--- START ---

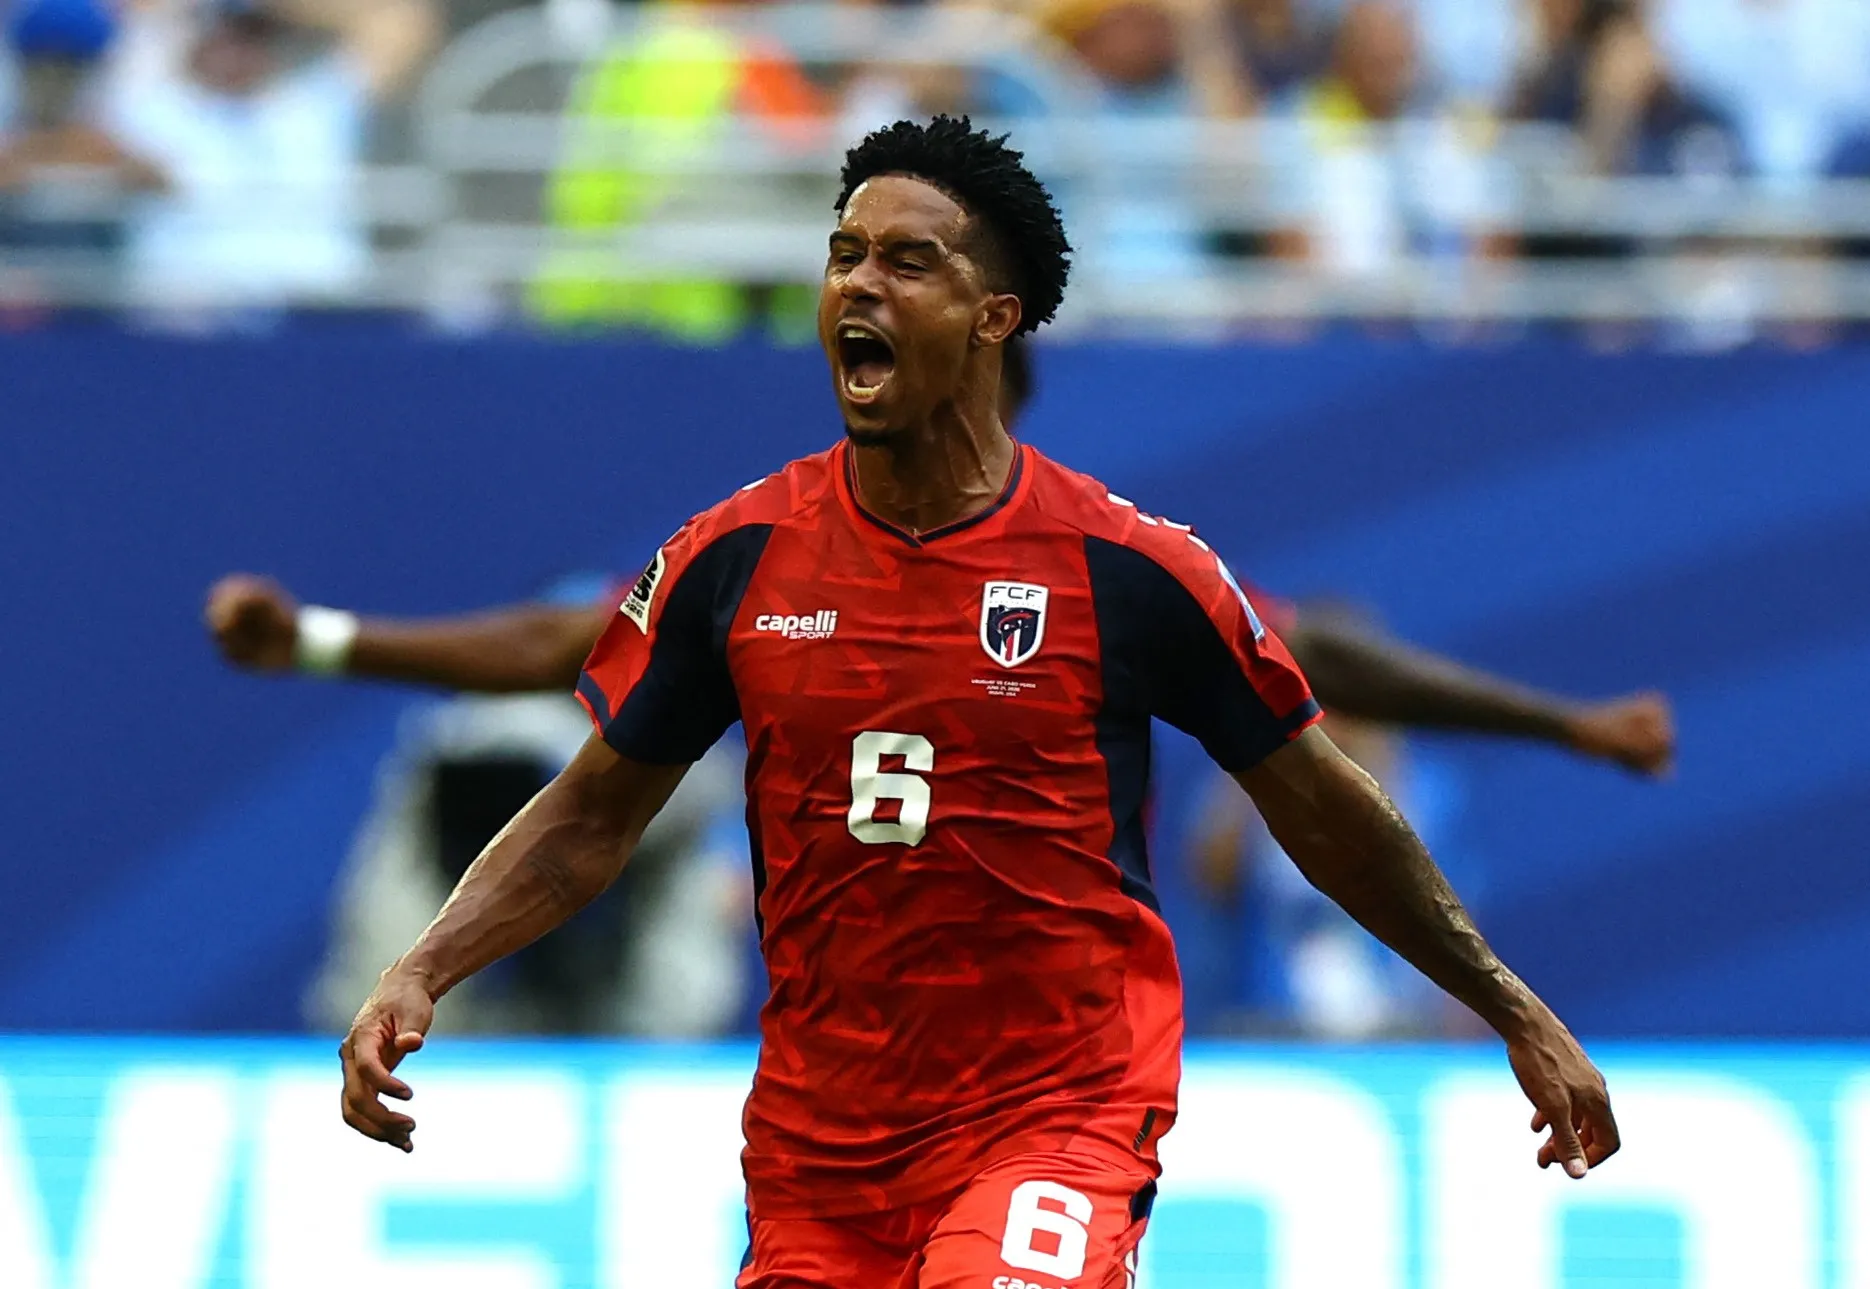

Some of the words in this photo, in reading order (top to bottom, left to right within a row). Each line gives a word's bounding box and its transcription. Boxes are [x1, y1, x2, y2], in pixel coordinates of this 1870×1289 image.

[990, 585, 1042, 600] FCF
[756, 610, 838, 637] capelli
[788, 631, 834, 640] SPORT
[847, 730, 935, 848] 6
[1000, 1180, 1094, 1280] 6
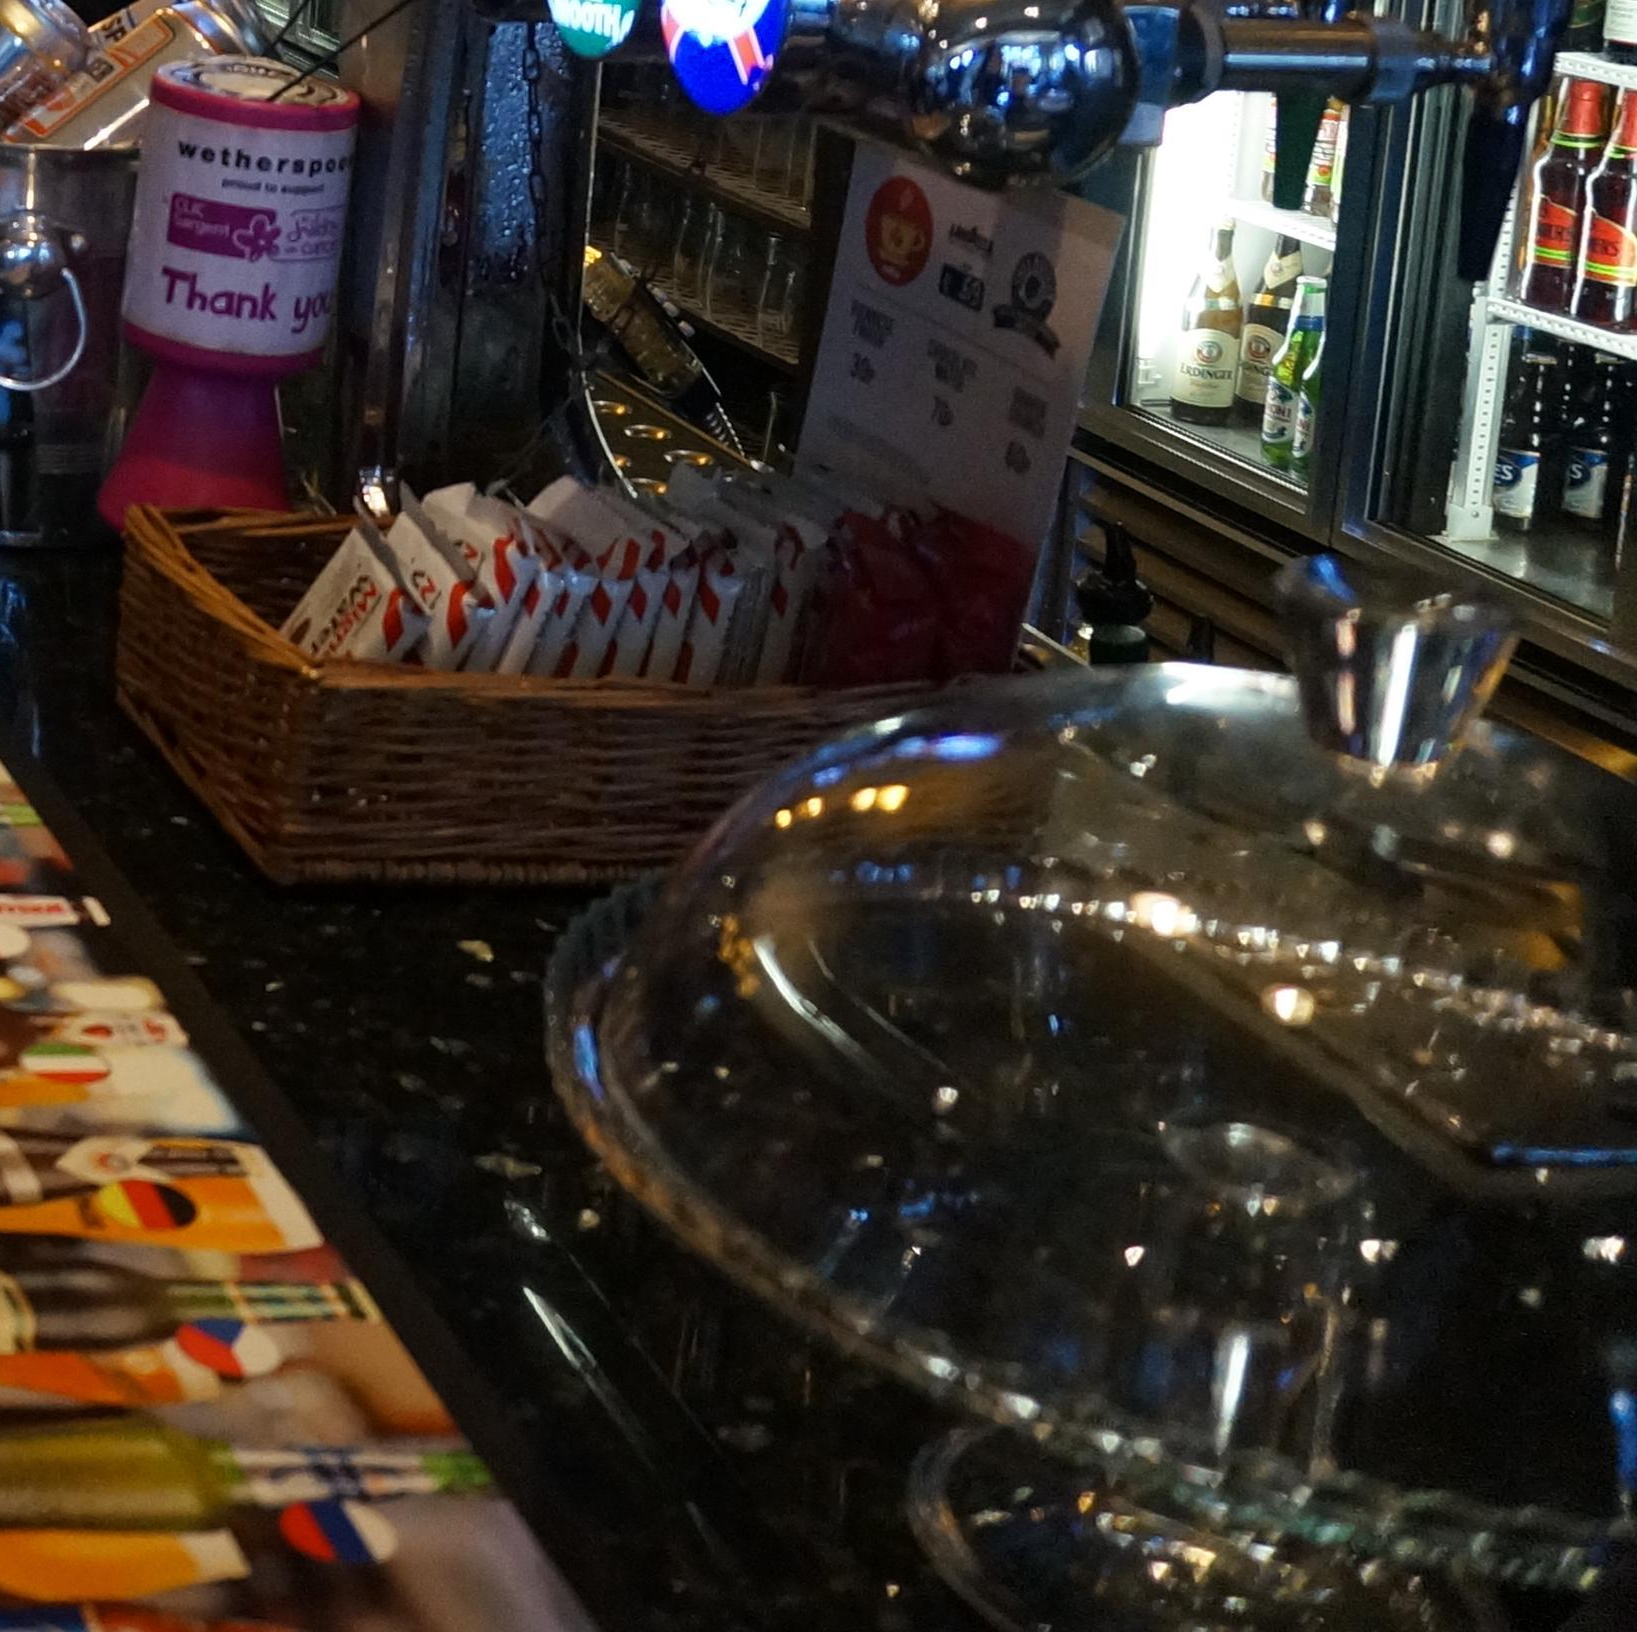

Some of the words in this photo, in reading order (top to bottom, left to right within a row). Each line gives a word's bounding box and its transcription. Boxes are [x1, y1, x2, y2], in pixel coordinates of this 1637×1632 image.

[162, 265, 276, 321] Thank
[291, 289, 332, 334] yo
[1180, 362, 1233, 381] ERDINGER

--- END ---

■ EXERCISE
Return the records exactly as they stand, and drop every picture.

■ TASK OUTPUT
Some of the words in this photo, in reading order (top to bottom, left to right within a row). Each line gives a word's bounding box and its transcription. Boxes are [x1, y1, x2, y2], in pixel coordinates of this 1870×1289 image.

[990, 585, 1042, 600] FCF
[756, 610, 838, 637] capelli
[788, 631, 834, 640] SPORT
[847, 730, 935, 848] 6
[1000, 1180, 1094, 1280] 6

Some of the words in this photo, in reading order (top to bottom, left to right within a row). Each line gives a word's bounding box and its transcription. Boxes are [x1, y1, x2, y2], in pixel coordinates of this 1637×1632 image.

[162, 265, 276, 321] Thank
[291, 289, 332, 334] yo
[1180, 362, 1233, 381] ERDINGER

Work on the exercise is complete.